* RECORD EXTRACTS
::::

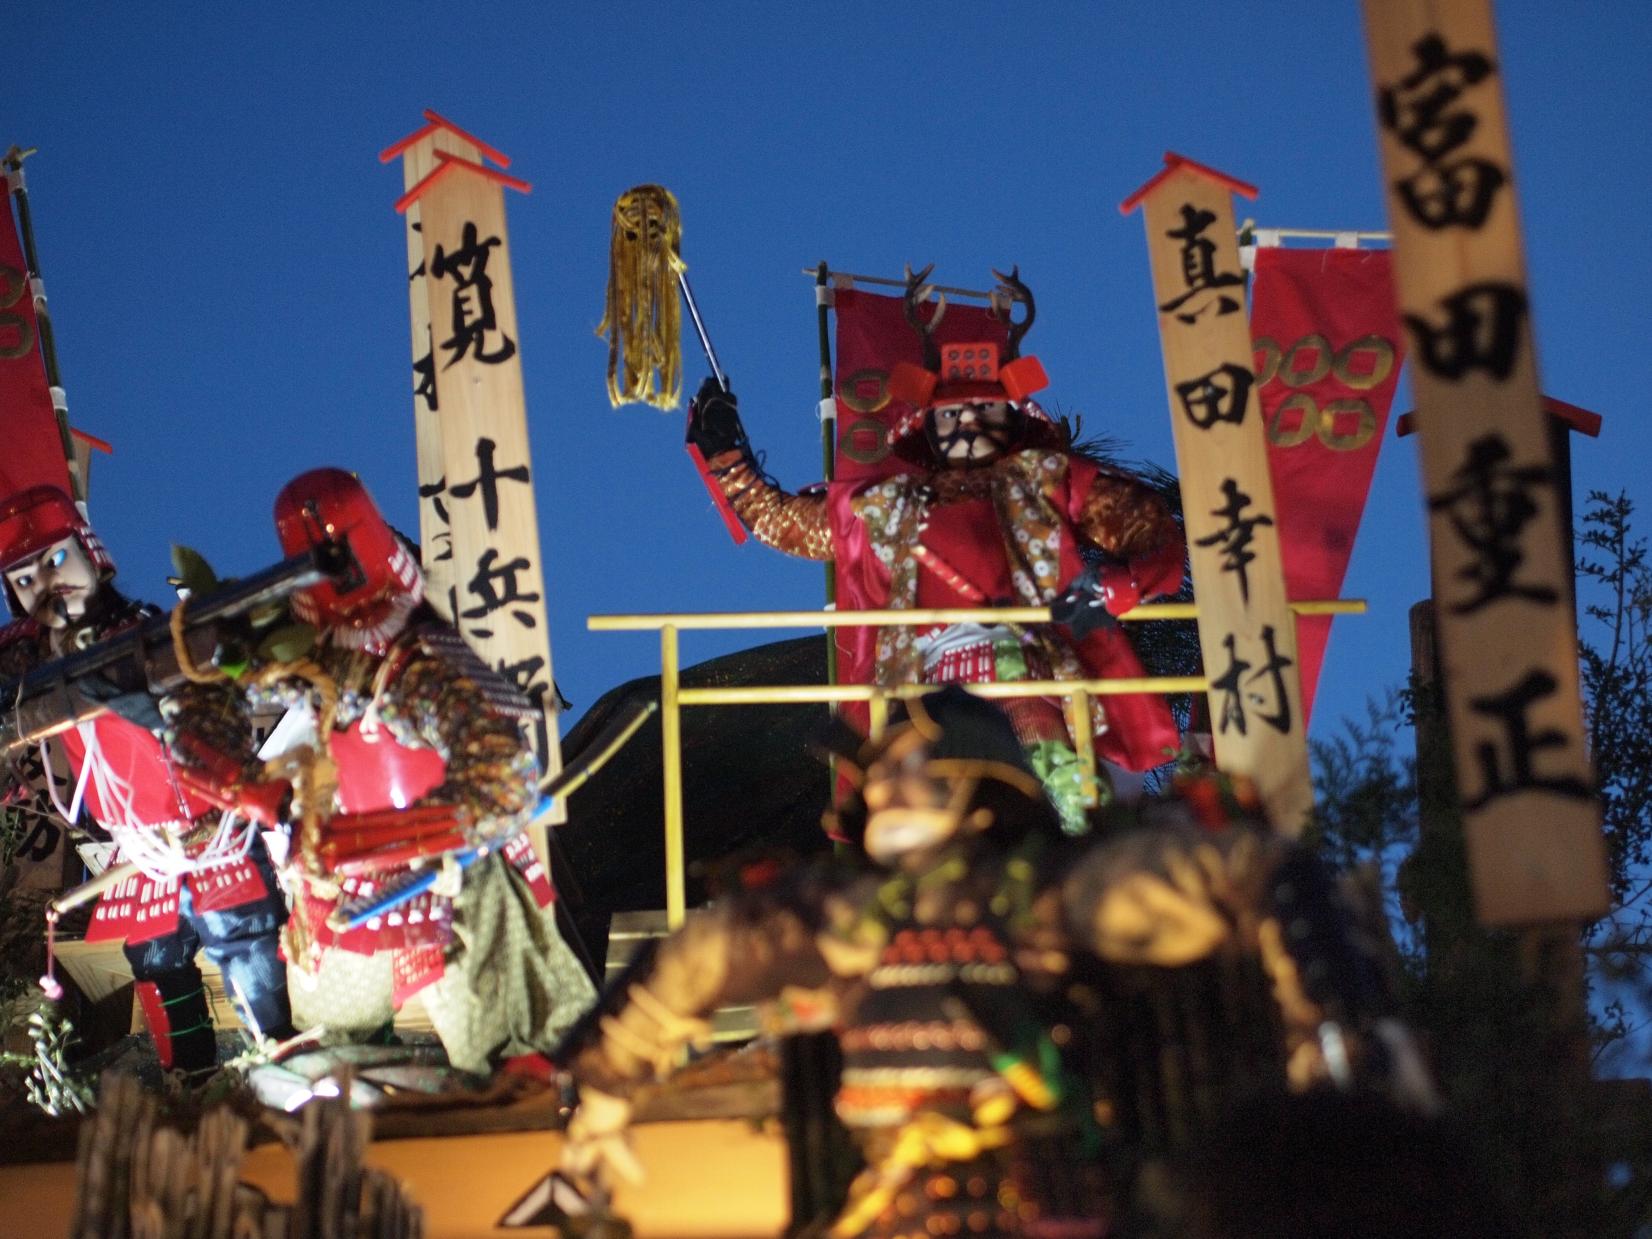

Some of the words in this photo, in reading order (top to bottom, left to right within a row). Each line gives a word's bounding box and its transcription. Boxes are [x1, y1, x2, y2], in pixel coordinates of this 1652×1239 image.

[1159, 203, 1292, 736] 真田幸村
[1379, 33, 1596, 811] 富田重正
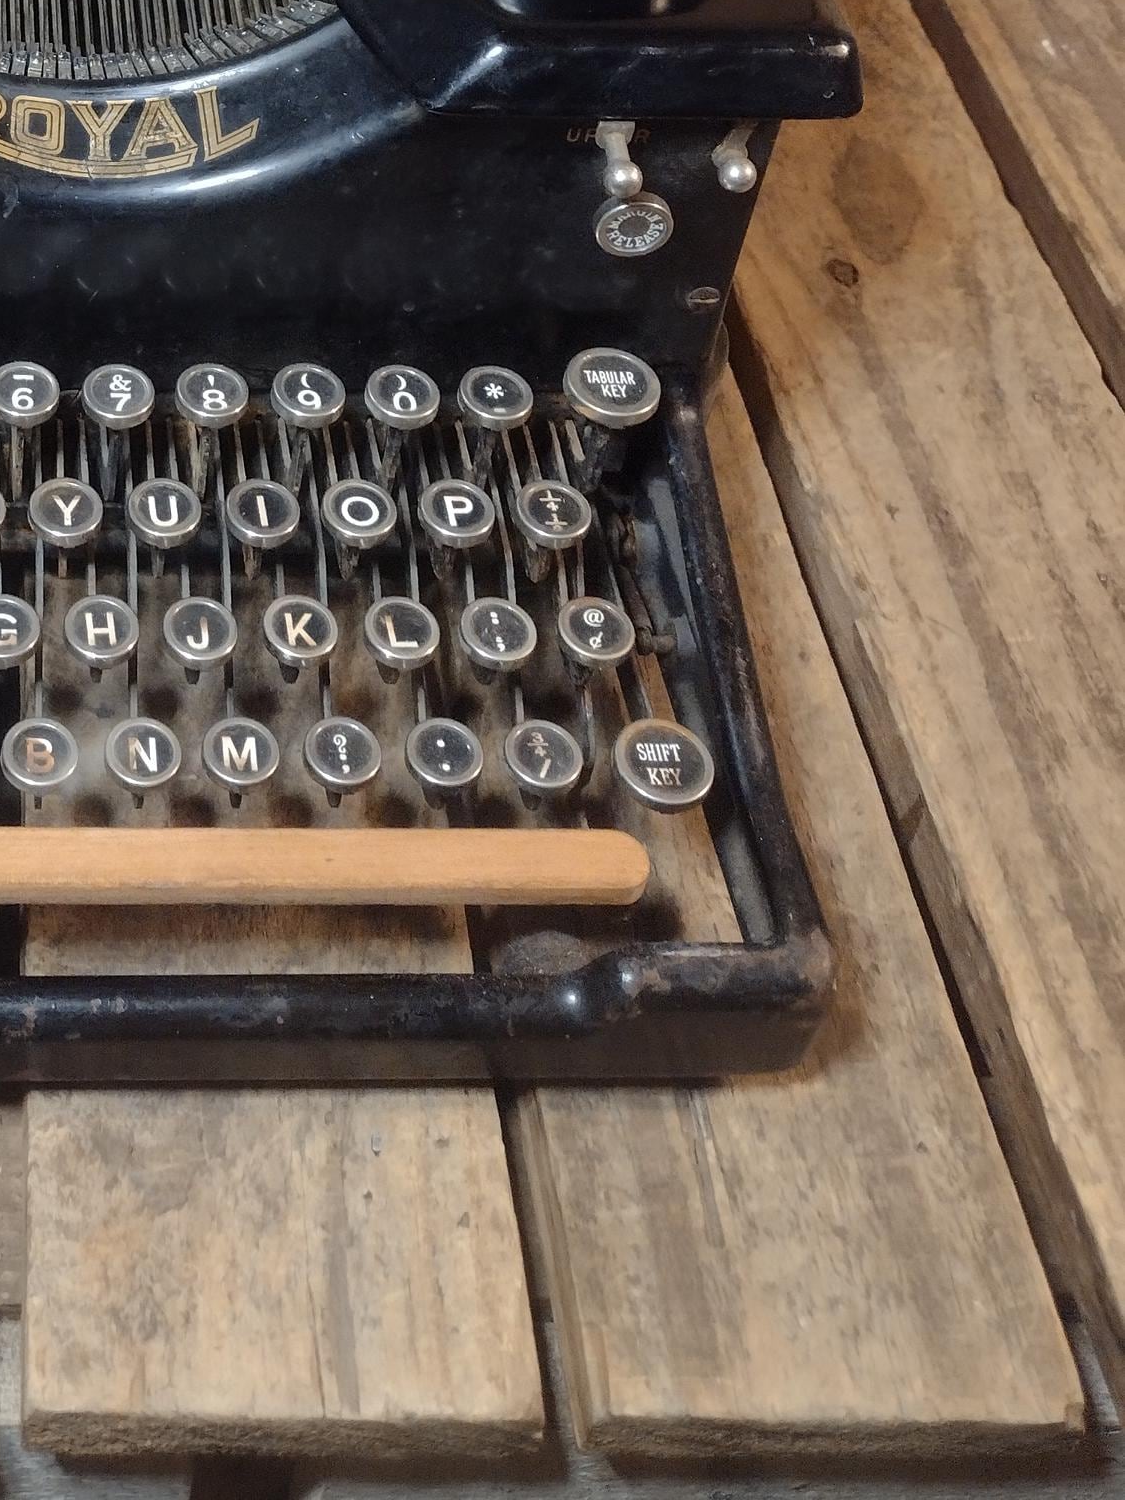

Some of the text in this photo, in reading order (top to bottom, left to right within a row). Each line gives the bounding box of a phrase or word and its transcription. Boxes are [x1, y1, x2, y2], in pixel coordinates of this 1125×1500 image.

[606, 222, 664, 248] RELEASE
[583, 368, 636, 388] TABULAR
[600, 383, 628, 399] KEY
[11, 387, 34, 410] 6
[110, 393, 131, 411] 7
[203, 389, 228, 411] 8
[297, 389, 321, 410] 9
[51, 495, 81, 526] Y
[147, 495, 179, 527] U
[255, 495, 269, 527] I
[341, 496, 380, 527] O
[442, 495, 473, 527] P
[84, 611, 117, 647] H
[186, 616, 209, 650] J
[284, 613, 317, 647] K
[384, 613, 419, 648] L
[25, 737, 55, 773] B
[128, 737, 158, 773] N
[221, 736, 259, 773] M
[635, 743, 681, 762] SHIFT
[646, 766, 682, 787] KEY
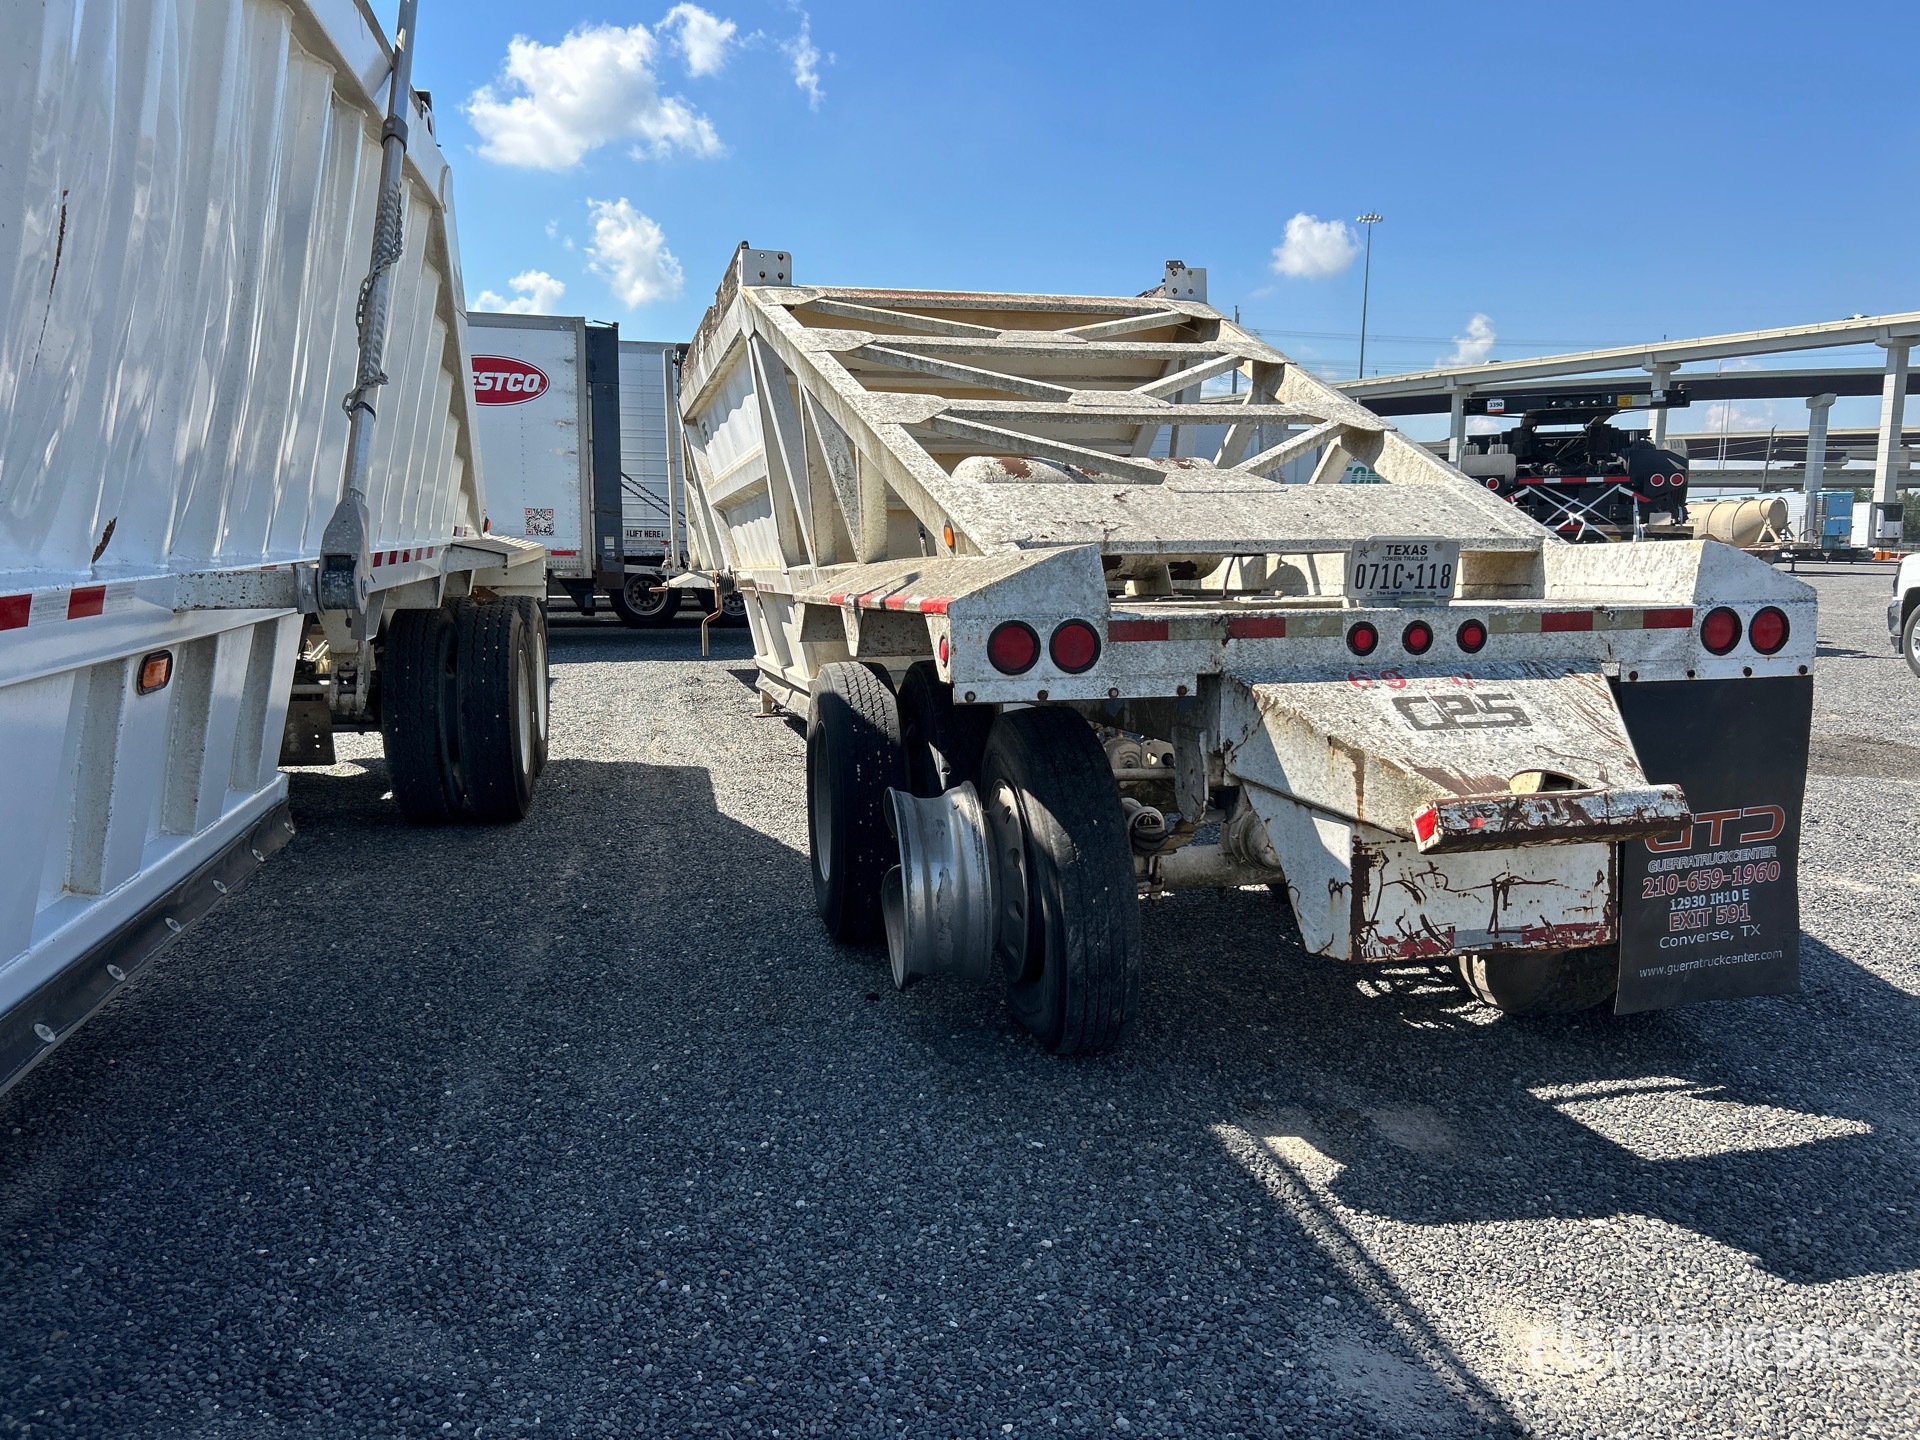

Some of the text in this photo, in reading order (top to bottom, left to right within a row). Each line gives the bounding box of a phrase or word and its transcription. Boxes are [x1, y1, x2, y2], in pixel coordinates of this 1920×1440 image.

[630, 530, 661, 538] LIFT HERE
[1385, 544, 1428, 556] TEXAS
[1391, 693, 1532, 731] CPS
[1648, 845, 1777, 873] GUERRATRUCKCENTER
[1641, 861, 1781, 899] 210-659-1960
[1670, 889, 1750, 911] 12930 IH10 E
[1669, 903, 1751, 932] EXIT 591
[1659, 924, 1761, 949] Converse, TX
[1639, 949, 1783, 977] www.guerratruckcenter.com

::::

* WHAT YOU WILL DO
Your copy should hold only the lines from the line with "this 1125×1500 image." through the end of the data above, both ends included, transcribed exactly and without pictures.

* TASK RESULT
Some of the text in this photo, in reading order (top to bottom, left to right within a row). Each line gives the bounding box of a phrase or word and its transcription. Boxes are [x1, y1, x2, y2], in pixel coordinates of this 1125×1500 image.

[606, 222, 664, 248] RELEASE
[583, 368, 636, 388] TABULAR
[600, 383, 628, 399] KEY
[11, 387, 34, 410] 6
[110, 393, 131, 411] 7
[203, 389, 228, 411] 8
[297, 389, 321, 410] 9
[51, 495, 81, 526] Y
[147, 495, 179, 527] U
[255, 495, 269, 527] I
[341, 496, 380, 527] O
[442, 495, 473, 527] P
[84, 611, 117, 647] H
[186, 616, 209, 650] J
[284, 613, 317, 647] K
[384, 613, 419, 648] L
[25, 737, 55, 773] B
[128, 737, 158, 773] N
[221, 736, 259, 773] M
[635, 743, 681, 762] SHIFT
[646, 766, 682, 787] KEY

Some of the text in this photo, in reading order (top to bottom, left to right within a row). Each line gives the bounding box of a phrase or word and its transcription. Boxes are [x1, y1, x2, y2], in pixel coordinates of this 1920×1440 image.

[630, 530, 661, 538] LIFT HERE
[1385, 544, 1428, 556] TEXAS
[1391, 693, 1532, 731] CPS
[1648, 845, 1777, 873] GUERRATRUCKCENTER
[1641, 861, 1781, 899] 210-659-1960
[1670, 889, 1750, 911] 12930 IH10 E
[1669, 903, 1751, 932] EXIT 591
[1659, 924, 1761, 949] Converse, TX
[1639, 949, 1783, 977] www.guerratruckcenter.com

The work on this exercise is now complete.